When a warrantee in warrantia chartee recovers, and has seisin of other lands of the warrantor to the value, he cannot afterwards recover of the warrantor the lands warranted. For although the warrantor cannot aver against his own deed, yet the warrantee may aver against that deed ; and if his averments are verified by matter of record, the warrantor may afterwards avail himself of that record *42against the warrantee, the record being of a higher nature than a deed, (d)

If, therefore, the demandant had, after his judgment and satisfaction, sued Nason for the land, the latter might have * defended himself by showing that judgment, which had falsified his deed. And as the demandant could not recover the land against Nason, after he had redeemed the mortgage, (e) so he cannot recover against any persons who claim under Nason, and are thus privies in estate to that judgment.

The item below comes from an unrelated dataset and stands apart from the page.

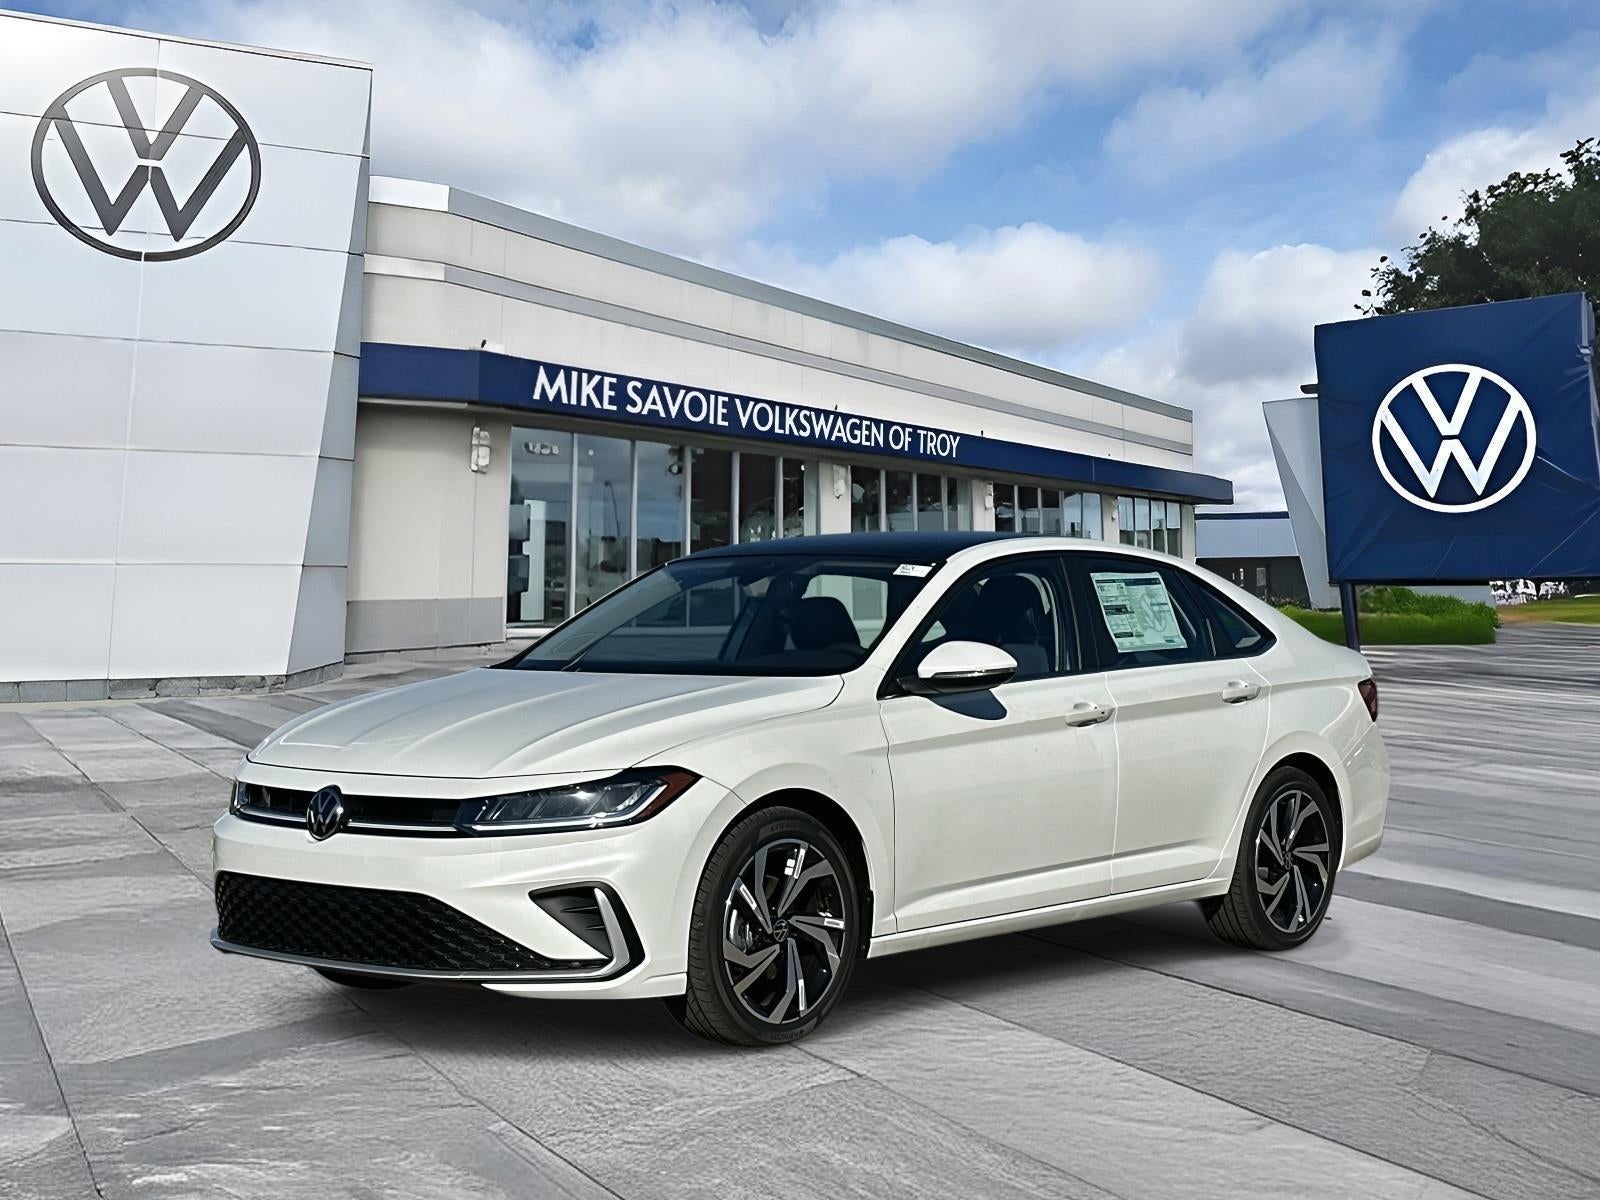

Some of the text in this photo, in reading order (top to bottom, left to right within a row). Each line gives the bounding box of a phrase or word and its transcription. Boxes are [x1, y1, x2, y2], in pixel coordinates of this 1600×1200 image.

[532, 365, 961, 459] MIKE SAVOIE VOLKSWAGEN OF TROY

The tenant is entitled to judgment on the verdict.

Costs for the tenant.

[Such a conveyance has been held to be valid and effectual against the grantor, and all claiming under him. — Varnum vs. Abbot & Al., 12 Mass. Rep. 474. — Bartlett vs. Harlow, 12 Mass. Rep. 348. — Baldwin vs. Whiting, 13 Mass. Rep. 57. — Rising vs. Stannard, 17 Mass. Rep. 202. — Ed.]

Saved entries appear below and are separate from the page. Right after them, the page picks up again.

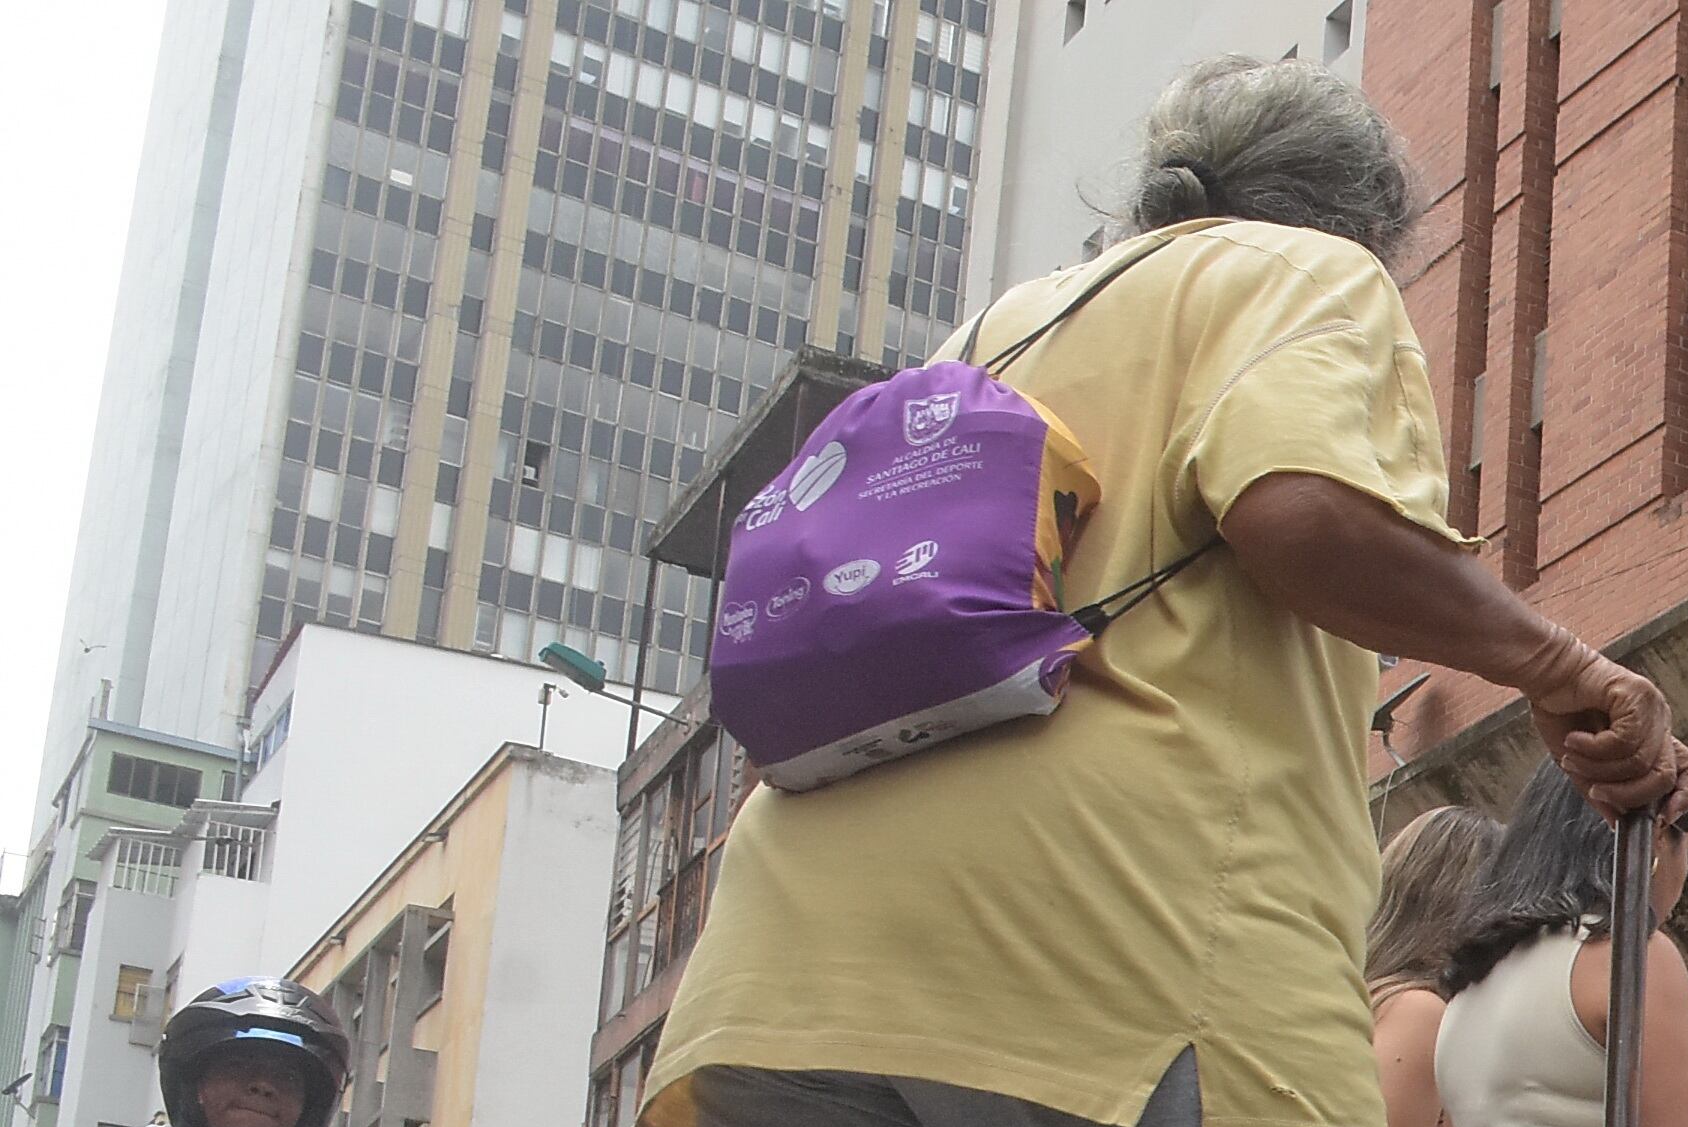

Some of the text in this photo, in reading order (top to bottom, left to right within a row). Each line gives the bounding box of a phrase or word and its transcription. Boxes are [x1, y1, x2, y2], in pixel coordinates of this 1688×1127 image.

[943, 436, 957, 447] DE
[866, 442, 981, 485] SANTIAGO DE CALI
[936, 460, 984, 476] DEPORTE
[885, 490, 897, 500] LA
[746, 501, 787, 531] Cali
[834, 565, 866, 583] Yupi
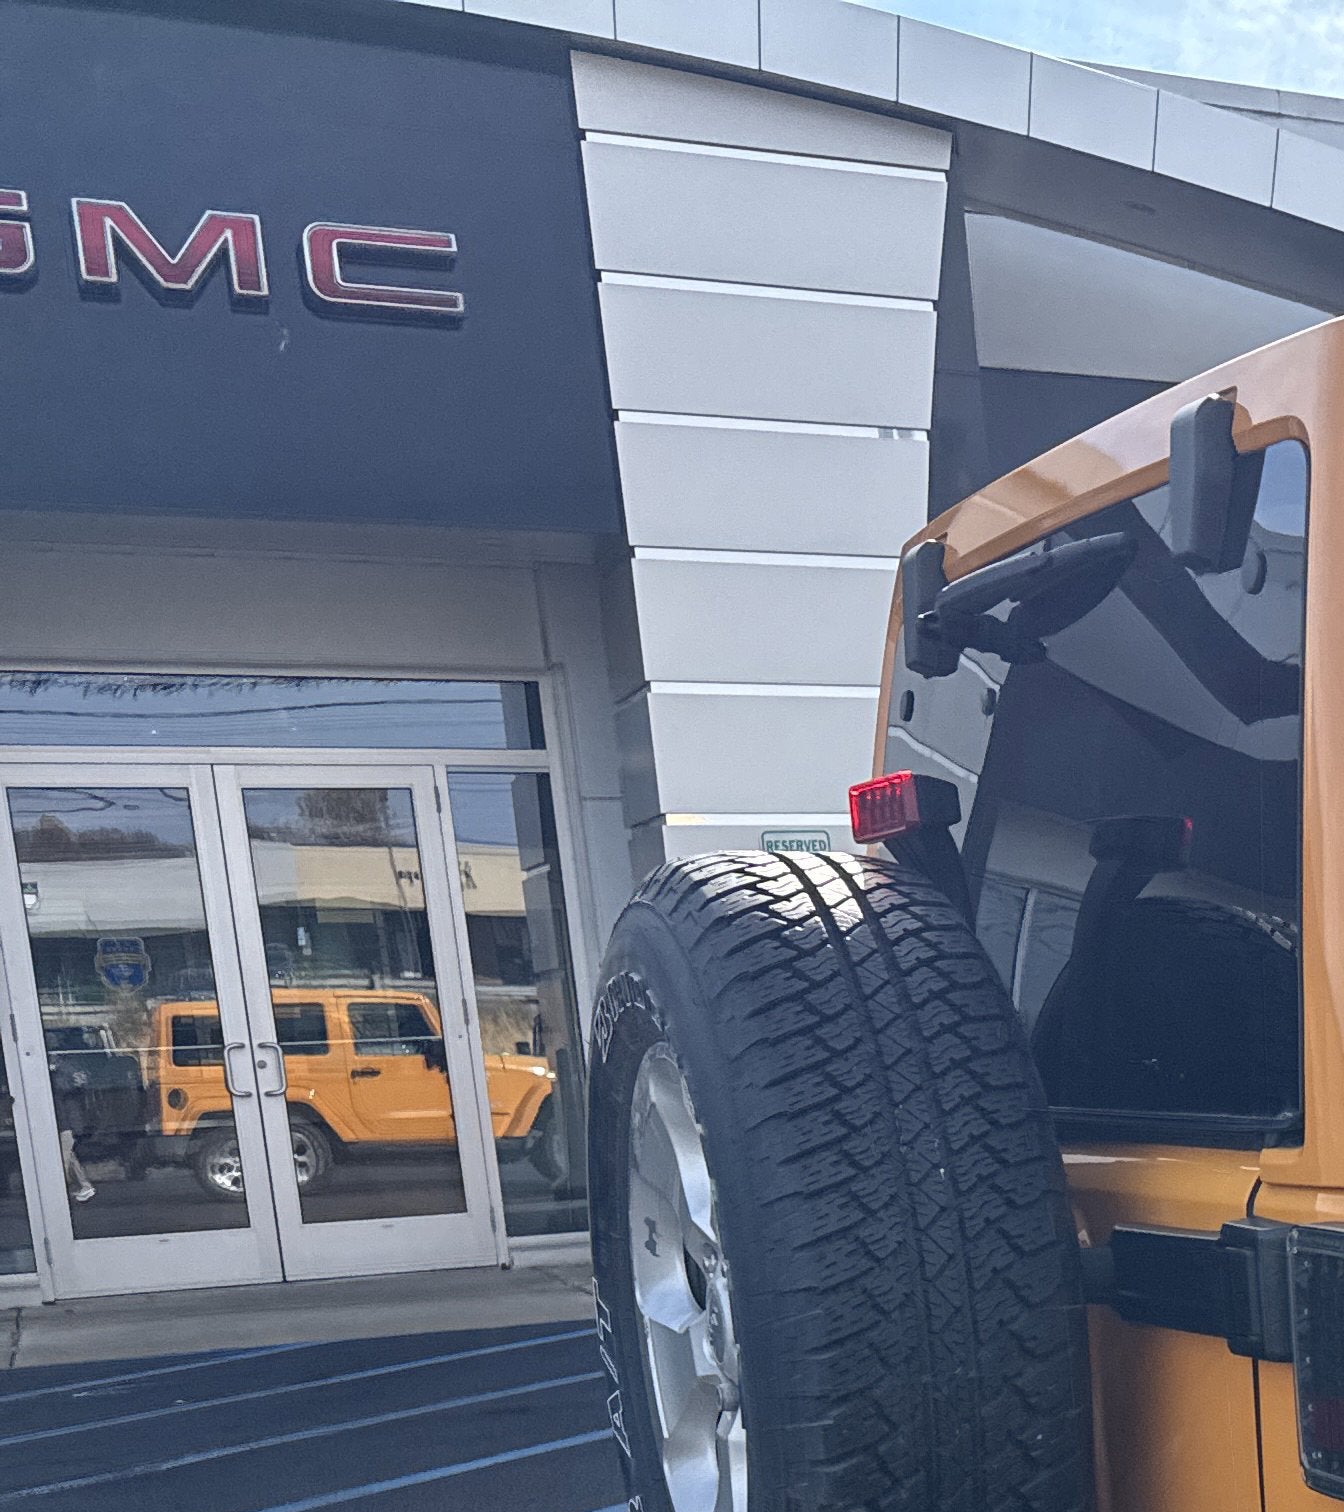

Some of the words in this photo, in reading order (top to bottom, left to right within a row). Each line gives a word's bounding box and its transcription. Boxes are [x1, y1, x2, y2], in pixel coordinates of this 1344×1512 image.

[0, 188, 464, 313] MC
[766, 839, 827, 852] RESERVED
[592, 1276, 632, 1459] A/T

[In Porter vs. Perkins & Al. (5 Mass. Rep. 236,) which was ejectment by the same plaintiff against tenants claiming through the same grantor, it was held by the Court that the plaintiff gained a seisin so as to support a writ of entry, and that nothing passed by the release from Bradstreet to Nason. — Ed.]

[Stinson vs Sumner, post, 143. — Ed.]

c) [It does not appear that the mortgage had been legally discharged. The case only finds that the judgment for the mortgage debt had been discharged. It would seem, from the opinion of the Court in Parsons vs. Wells, (17 Mass. Rep. 419,) that the mortgage was not thereby ipso facto discharged. Although, in Porter vs. Perkins & Al., (5 Mass. Rep. 233,) an action by the same plaintiff against tenants claiming under the same grantor, it was treated_as being entirely discharged; and the Court said that u therefore it might be laid out of the case, as if never made.” Still, however, in Perkins & Al. vs. Pitts, (11 Mass. Rep. 125,) an action by the same defendants against the same grantor, it is regarded by the Court as a subsisting mortgage, and the case seemed tn turn nrincipally upon that point. — Ed.]